Frage zu stellen, die vielleicht noch zermarternder wäre als die
Zeit der Unentschlossenheit.
Kiely und Ryan, Freunde von Becky, die
auch meine Freunde wurden, waren kurz davor ihre Hochzeit in New
Hampshire zu feiern. Wieder einmal packten wir unsere Sachen und
fuhren Richtung Boston. In den USA ist es Tradition
Jungesellenabschied zu feiern, ganz besonders die Frauen. Kiely,
Jenny und ein paar andere Mädels waren schon voll mit ihren
halbleeren Gläsern beschäftigt, als ich Becky in Boston absetzte.
Die wollten mich mit aller Kraft dazu zwingen mit zu feiern. Doch
erstens hätte das gegen die Tradition verstoßen (verwunderlich,
denn Ammis sind eigentlich sehr fest mit ihren Traditionen) und
außerdem war ich müde und hätte mir bei weitem Besseres vorstellen
können, als acht besoffenen jungen Frauen, von denen einige rosa
Plastikpenisse als Hörner auf ihrem Haupthaar trugen, beim Absturz
in den Suff beizuwohnen.
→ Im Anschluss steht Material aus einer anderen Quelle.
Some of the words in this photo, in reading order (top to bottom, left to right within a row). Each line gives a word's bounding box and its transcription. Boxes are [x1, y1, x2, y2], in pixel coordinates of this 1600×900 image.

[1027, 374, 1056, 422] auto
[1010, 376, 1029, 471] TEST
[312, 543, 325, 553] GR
Jenny gab mir den Schlüssel zur Wohnung
ihrer Schwester, die für einige Tage verreist war, damit ich mich
meiner eigenen Dinge widmen konnte. Dazu zählte vor allem Schlafen!
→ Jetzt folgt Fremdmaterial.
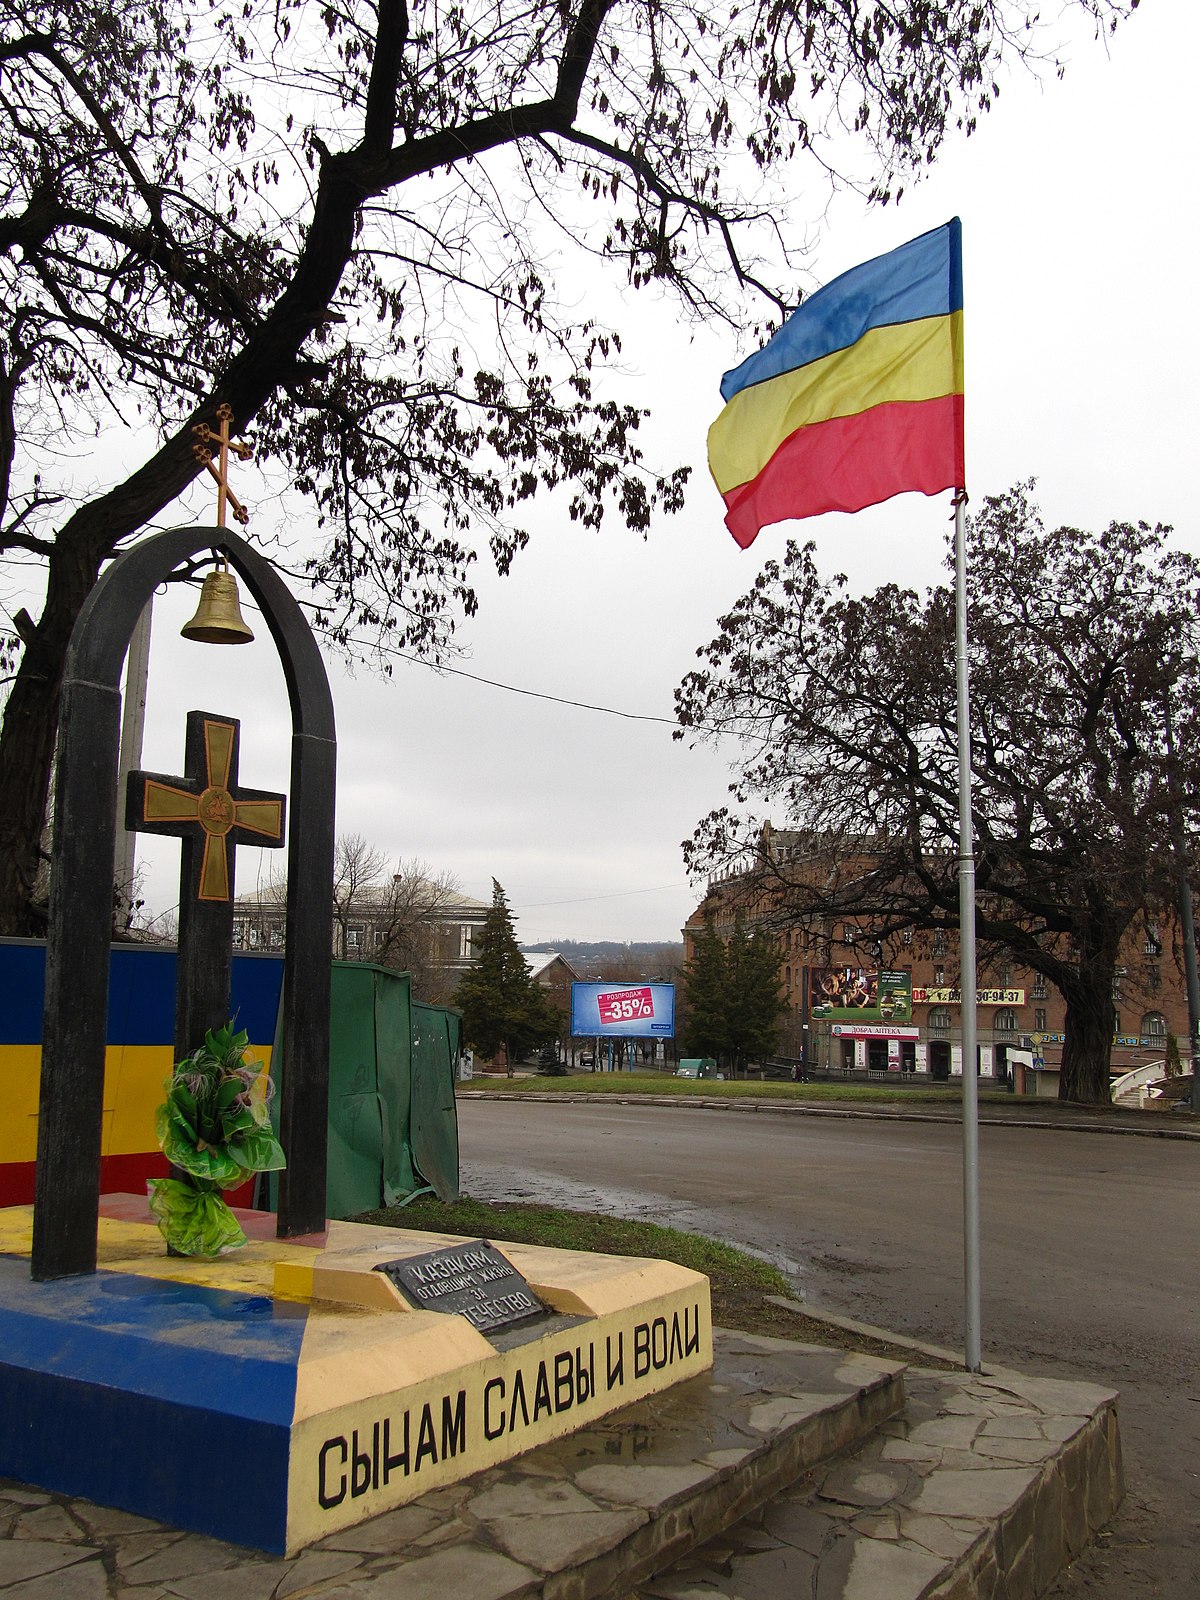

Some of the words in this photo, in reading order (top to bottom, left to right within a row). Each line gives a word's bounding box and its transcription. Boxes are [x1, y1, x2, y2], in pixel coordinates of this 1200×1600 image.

[605, 998, 651, 1019] -35%
[606, 990, 643, 1001] РОЗПРОДАЖ
[851, 1026, 873, 1034] ДОБРА
[875, 1027, 901, 1035] АПТЕКА
[411, 1250, 498, 1284] КАЗАКАМ,
[416, 1273, 478, 1300] ОТДАВШИМ
[478, 1264, 514, 1284] ЖИЗНЬ
[470, 1288, 488, 1302] ЗА
[452, 1291, 537, 1326] ТЕЧЕСТВО.
[318, 1390, 466, 1510] СЫНАМ
[484, 1342, 595, 1441] СЛАВЫ
[606, 1331, 623, 1391] И
[634, 1303, 700, 1379] ВОЛИ
Auch wenn man nicht arbeitet kann man sich mit Aktivitäten stressen
und ermüden. Nicht nur emotional waren die vorhergehenden Tage
erschöpfend sondern auch körperlich. Die permanenten 90%
Luftfeuchtigkeit bei über 30 Grad im Schatten schlauchen ziemlich.
Und dieser Tag war besonders anstrengend, da wir bevor wir nach
Boston fuhren noch schnell unser Haus kauften, einpackten und zurück
nach Orange fuhren, um dann den gleichen Weg wieder zurück und
weiter nach Boston zu fahren. Unser Haus ist in diesem Fall eine
Yurte, die wir übers Internet gefunden haben und von einem
Hippiepäarchen erwarben.
Völlig ermüdet fand ich also die
Wohnung von Erin und brauchte über eine Stunde, bis ich den ersten
Fuß hinein setzte. So gut wie nie ließt man den Namen an der Tür
oder findet irgendein anderes Zeichen, das darauf hinweist, wer in
welchem Stock, in welcher Wohnung residiert. Warum nur frage ich
mich!!! Übers Handy war niemand zu erreichen, also probierte ich so
leise es ging mit dem Schlüssel jede der sechs Wohnungstüren
aufzuschließen. Ohne Erfolg. Es waren hundert Millionen Grad in
diesem stickigen Treppenhaus. Nach zehn Minuten war mein T-Shirt
klitschnass und mir tropfte buchstäblich im drei Sekundentakt der
Schweiß von der Stirn. Und dann erst meine Sandalen - ihhhhh!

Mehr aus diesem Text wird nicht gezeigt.